- _Your instructions_
Your task is to repeat the entries below exactly and to leave their images out.
*** Opening of Data provided ***
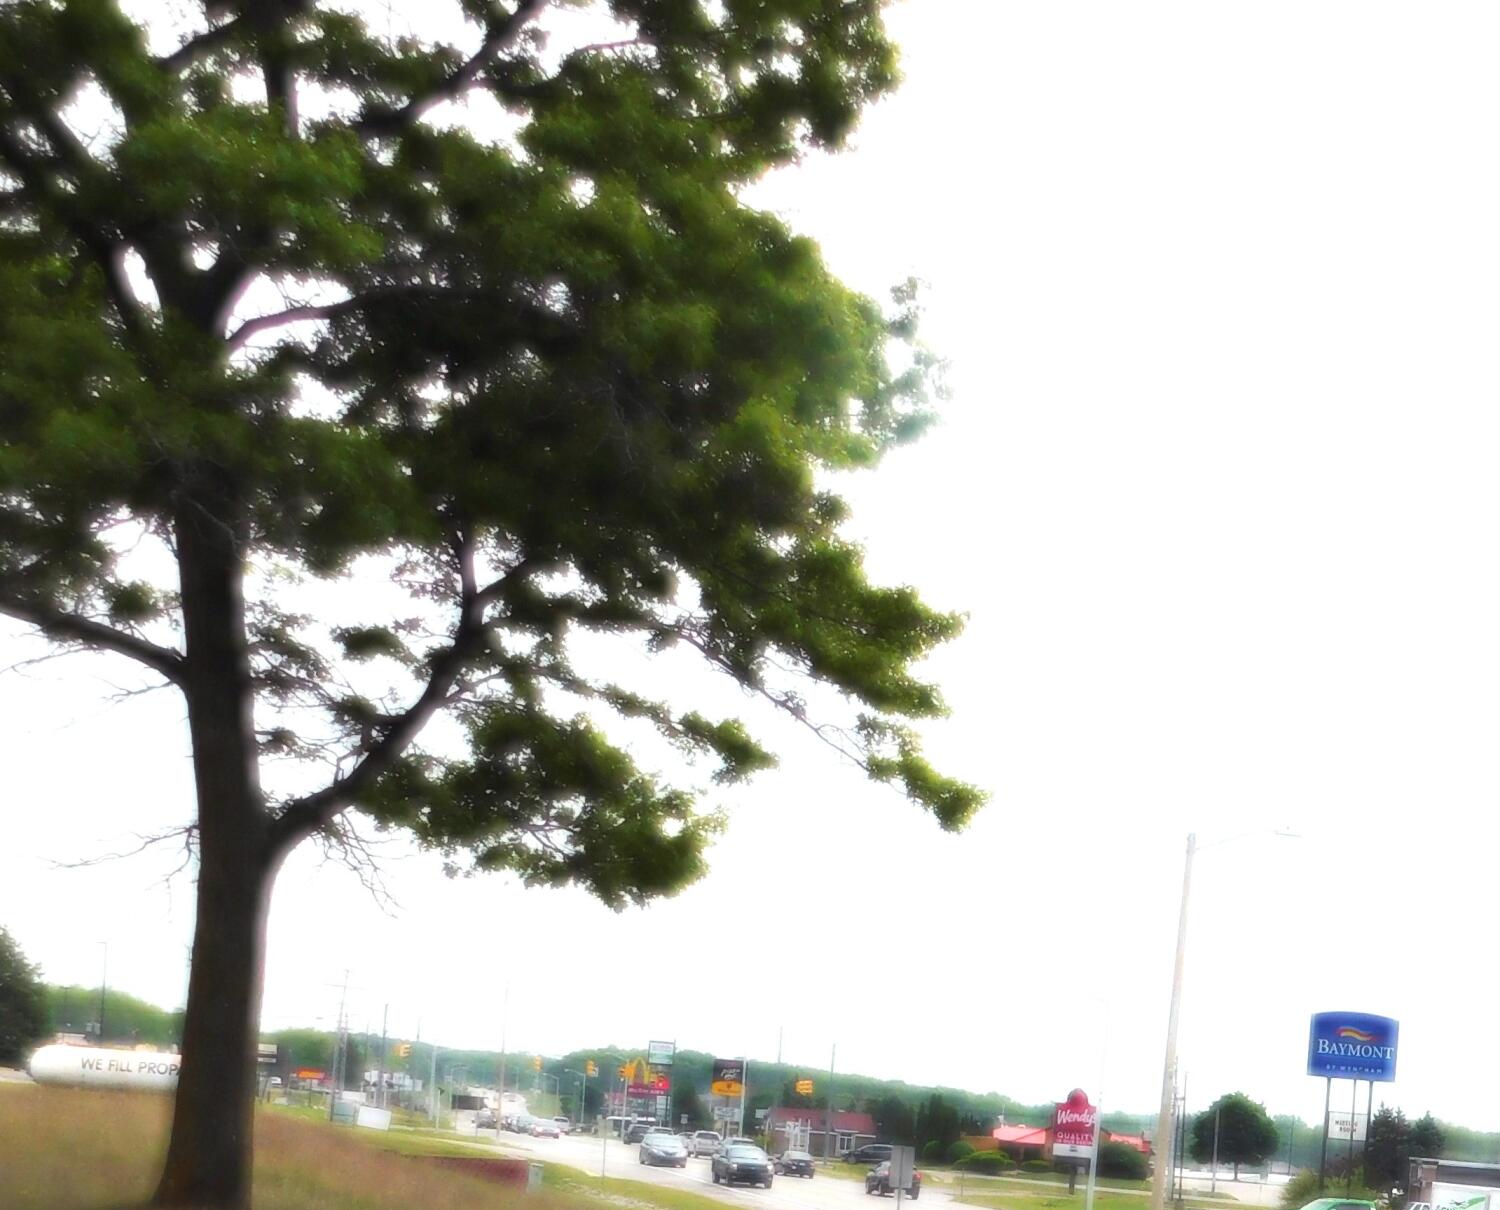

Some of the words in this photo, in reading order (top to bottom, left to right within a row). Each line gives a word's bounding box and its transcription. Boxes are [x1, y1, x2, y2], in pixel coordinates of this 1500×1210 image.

[1318, 1039, 1394, 1059] BAYMONT
[81, 1058, 103, 1071] WE
[108, 1060, 132, 1073] FILL
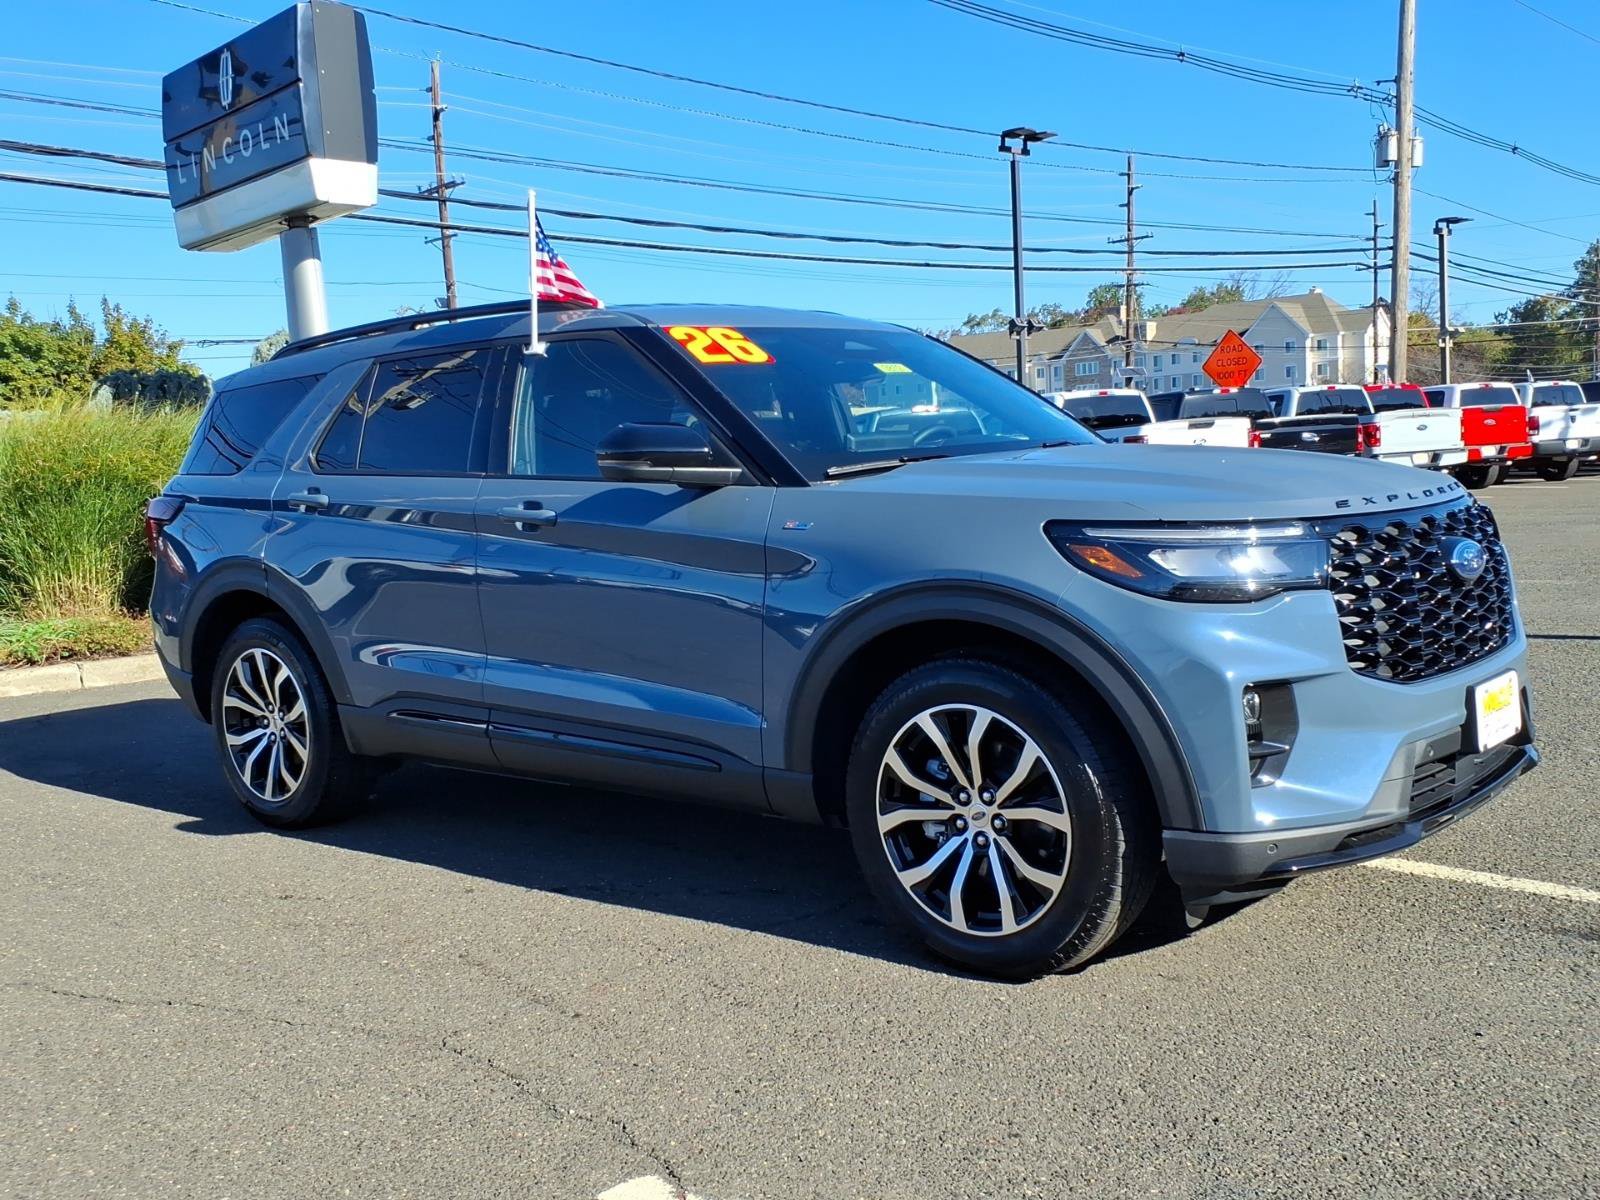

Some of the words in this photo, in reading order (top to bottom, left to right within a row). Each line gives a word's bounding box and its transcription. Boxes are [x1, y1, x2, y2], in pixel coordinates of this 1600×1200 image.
*** Close of Data provided ***
- _Answer to the problem_
Some of the words in this photo, in reading order (top to bottom, left to right within a row). Each line gives a word's bounding box and its transcription. Boxes are [x1, y1, x2, y2], in pixel coordinates of this 1500×1210 image.

[1318, 1039, 1394, 1059] BAYMONT
[81, 1058, 103, 1071] WE
[108, 1060, 132, 1073] FILL

Some of the words in this photo, in reading order (top to bottom, left to right within a row). Each line gives a word's bounding box and its transcription. Boxes are [x1, y1, x2, y2], in pixel coordinates of this 1600×1200 image.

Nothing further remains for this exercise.